A couple of weeks ago I spoke at the Random House Annual Educators’ Event in New York City, where, I started by saying that I refuse to be freaked out by the Common Core State Standards (CCSS). I then was able to explain how I’m anticipating being able to be creative, to think broadly about texts, to help my students engage in complex, higher-order tasks around literature and literacy.
At the moment–and still–I believe that.
However, the problem is that the more I read about the CCSS–the vast amounts of money that are driving the initiatives, the stakes that are going to impact educators and students–I realize that staying true to the desire not to be freaked out, to hold on to those beliefs, is going to be more difficult than I anticipated.
- Complex writing tasks mean more people are going to need to be expert writing teachers. There are simply not enough of us in the field who feel confident teaching writing. Thus, we see lots of reductions of writing to acronyms, to numbers (paragraphs, sentences, words, whatever), and we move further away from what we know to be true about how to turn kids into powerful writers.
- Appendix B is a suggestion, not a mandate. I am excited about using it as a suggestion and building some unbelievable text sets that encourages intertextuality, synthesis, real writing. However, there will still be schools and departments that use those texts only. How can we expand our understanding of literature and literacy (as evidenced by my current reading of this fantastic book that I highly recommend) if we only use Appendix B?
- I have become interested, of late, in text-dependent questions (TDQ) because, as I’ve stated before, I’m a much stronger writing teacher than I am a lit teacher, so I’m constantly thinking about ways to improve my craft.
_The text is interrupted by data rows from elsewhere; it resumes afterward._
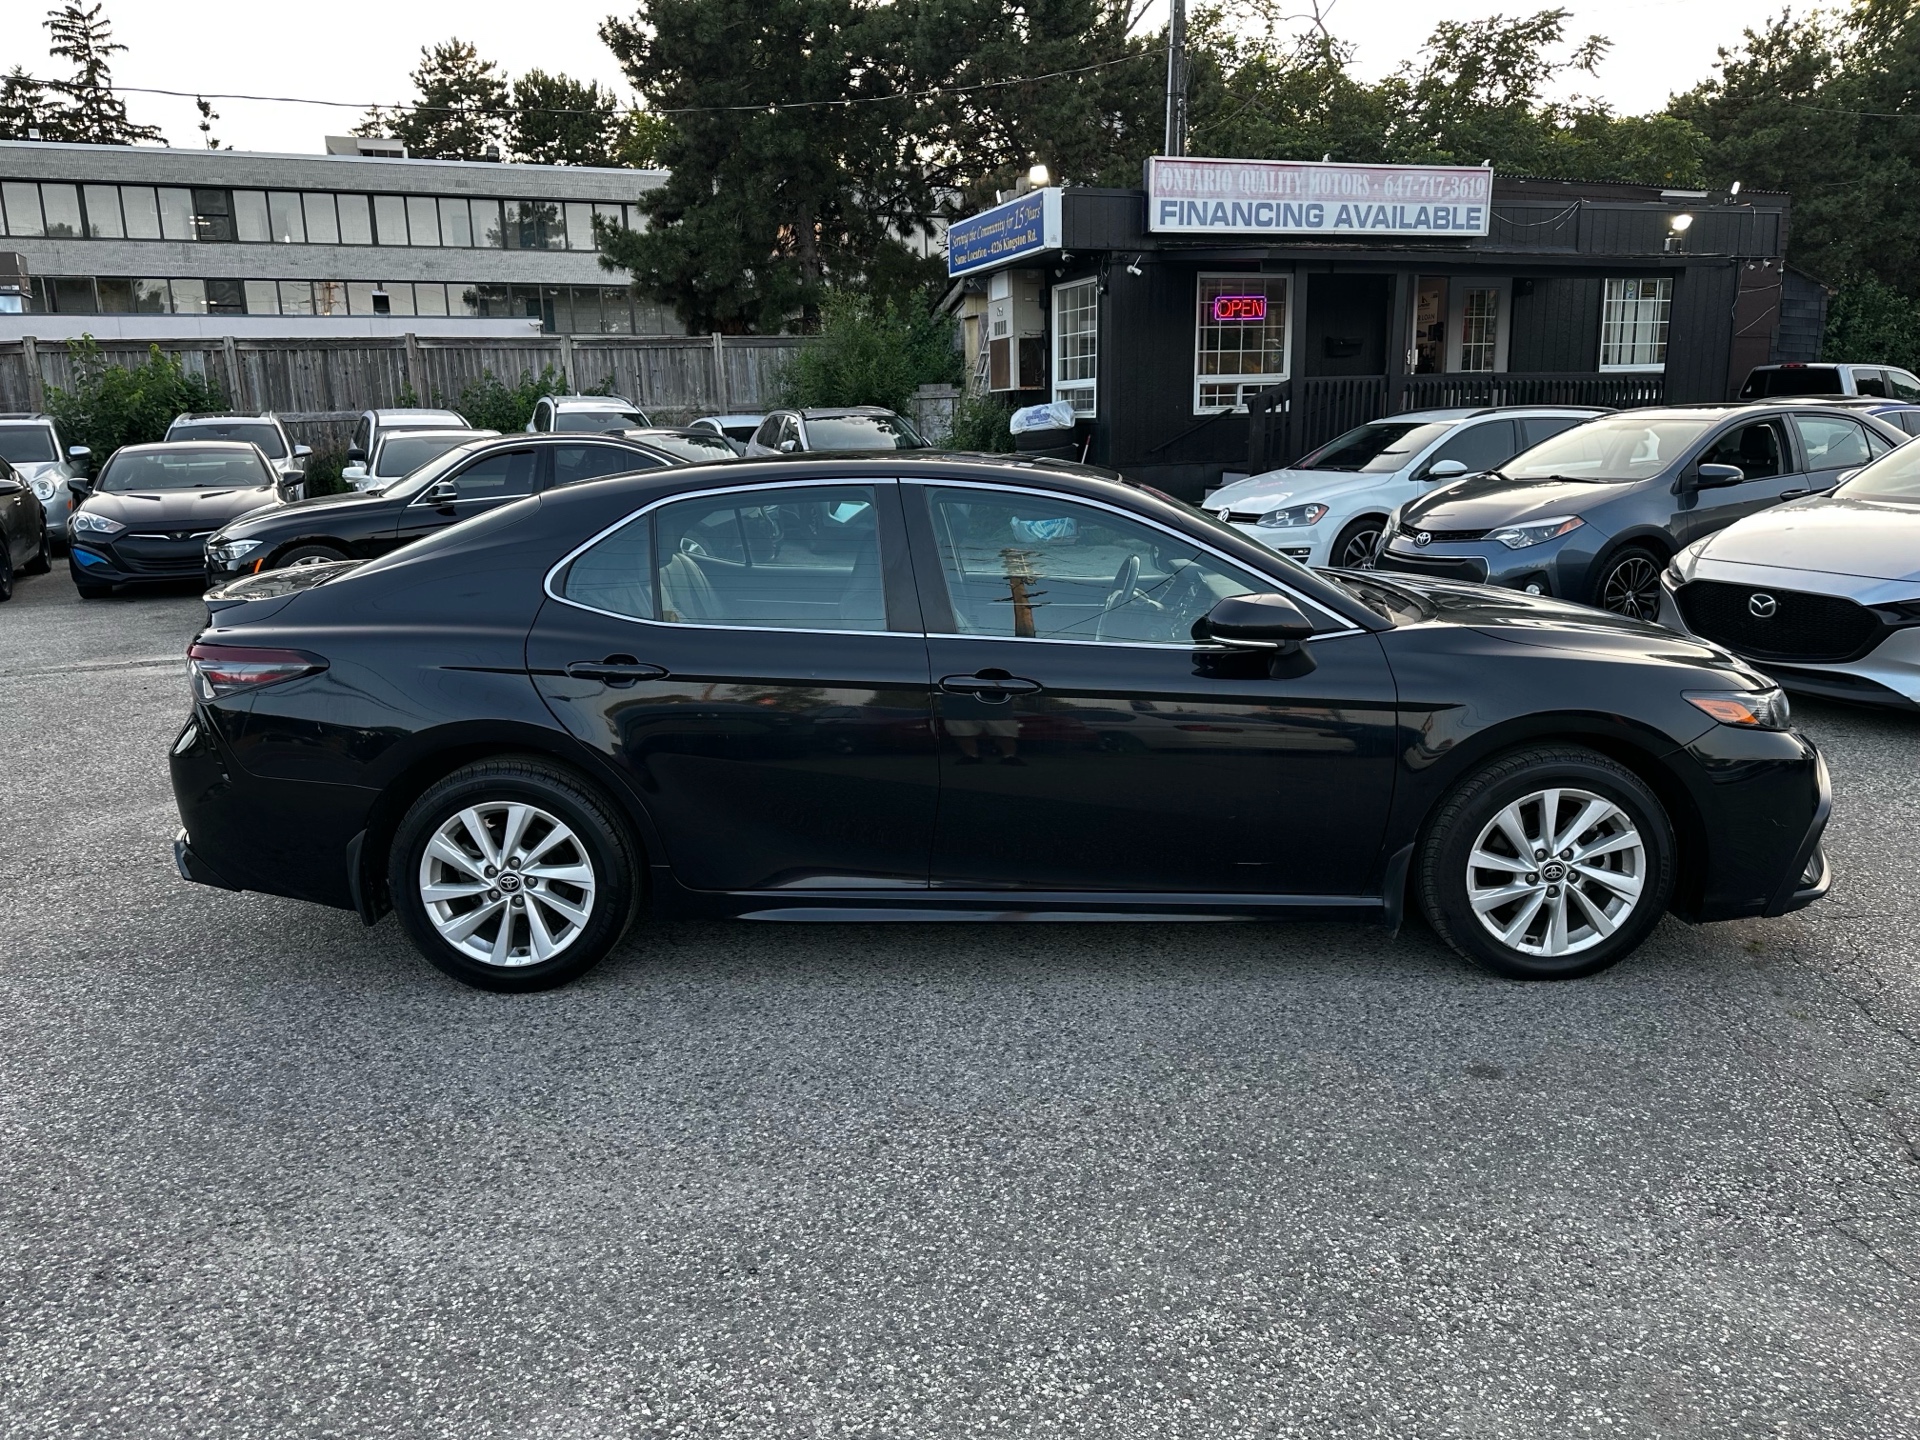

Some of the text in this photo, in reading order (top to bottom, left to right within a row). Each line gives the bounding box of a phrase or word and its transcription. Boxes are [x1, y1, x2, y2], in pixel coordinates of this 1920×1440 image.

[1161, 167, 1486, 199] ONTARIO QUALITY MOTORS 647-717-3619
[977, 219, 1005, 239] Community
[1005, 213, 1014, 236] for
[1013, 204, 1026, 230] 15
[1159, 200, 1482, 230] FINANCING AVAILABLE
[955, 254, 967, 266] Same
[967, 246, 987, 262] Location
[991, 240, 1003, 254] 4226
[1003, 235, 1026, 252] Kingston
[1027, 228, 1038, 243] Rd.
[1216, 299, 1264, 317] OPEN
TDQ drive students back into the text, which makes sense, right? What makes you think that? Where in the text can you find evidence to either support or refute those ideas? But, there are formulas for these things, too (related to generating questions. This site made my head spin). I worry that in our quest to make everything systematic, or “accessible” or whatever that we make it too uniform. Why not have kids create their own TDQ? In all of this desire to get kids “college and career ready,” I don’t see a lot about how teachers can systematically teach kids to take control of their own learning in the classroom. I usually teach them how to ask questions, we spend time (most of the term) generating, critiquing, revising questions for ones that do what we need them to do. I don’t know…I am not optimistic that that independence is quick to come for kids.
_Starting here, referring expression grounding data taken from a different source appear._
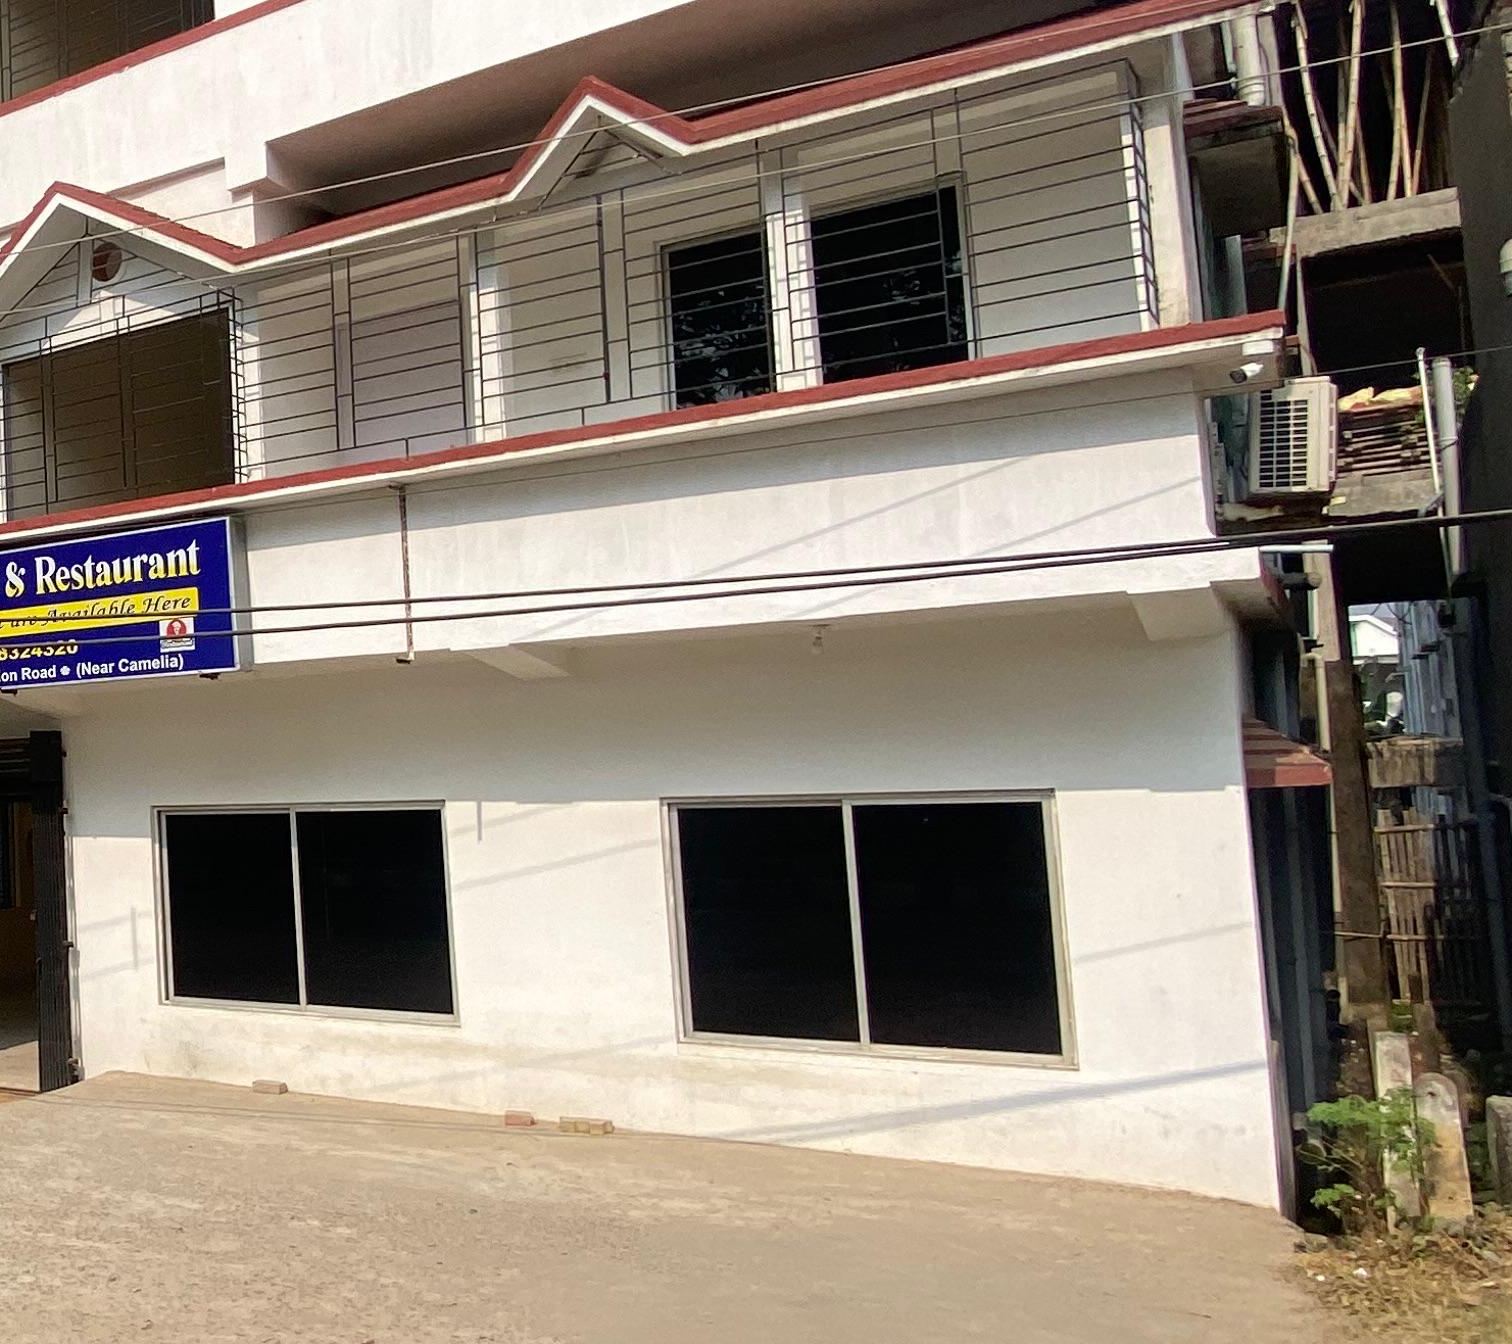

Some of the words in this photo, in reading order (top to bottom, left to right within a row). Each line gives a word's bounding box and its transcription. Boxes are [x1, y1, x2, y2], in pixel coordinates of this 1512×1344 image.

[4, 561, 26, 598] &
[34, 538, 201, 595] Restaurant
[142, 595, 191, 614] Here
[20, 664, 57, 681] Road
[75, 662, 115, 679] (Near
[118, 654, 185, 673] Camelia)
- Time, the need for so much time to understand what is coming. And time is the one thing we simply do not have. Currently, I’m fretting about systems, how to create peer review that works, how to reduce the amount of direct instruction to allow for more time for kids to master the content through hands-on work, but most of all, I’m worried that since my principal lifted the caps for class sizes, next year, I could very well have three sections a semester of 30 kids in a class. How will I be an effective teacher with classes that are this large? What kind of teacher will I be if I don’t have time to read papers, give feedback, conference, etc.? Will we have time for those moments–those in-between moments–where the learning happens?
While the above concerns are all relevant, I think the last one is the most perplexing for me. I have never taught classes of this size, though I have many colleagues who do. I worry that these adjustments, of the class size, will force me to change my practice in ways that concern me.
As I said, though, I refuse to be freaked out, and I’m pretty good at finding end runs around potential road blocks.
And, it is summer, after all.
Thus, I’m thinking about systems. I’m pretty sure I can get kids to work in groups for writing feedback and I just need to get better about rotations of due dates, what I will grade, what counts as indicators of learning. I’m also going back through what I need to teach and making myself justify what’s important (not interesting; sometimes, I get caught up in what’s interesting and shiny, pretty, things) and only do that. Only do that. That’s kind of fun for me and my neuroses. It’s also the only way I can contend with being able to be in control of the situation rather than the situation controlling me.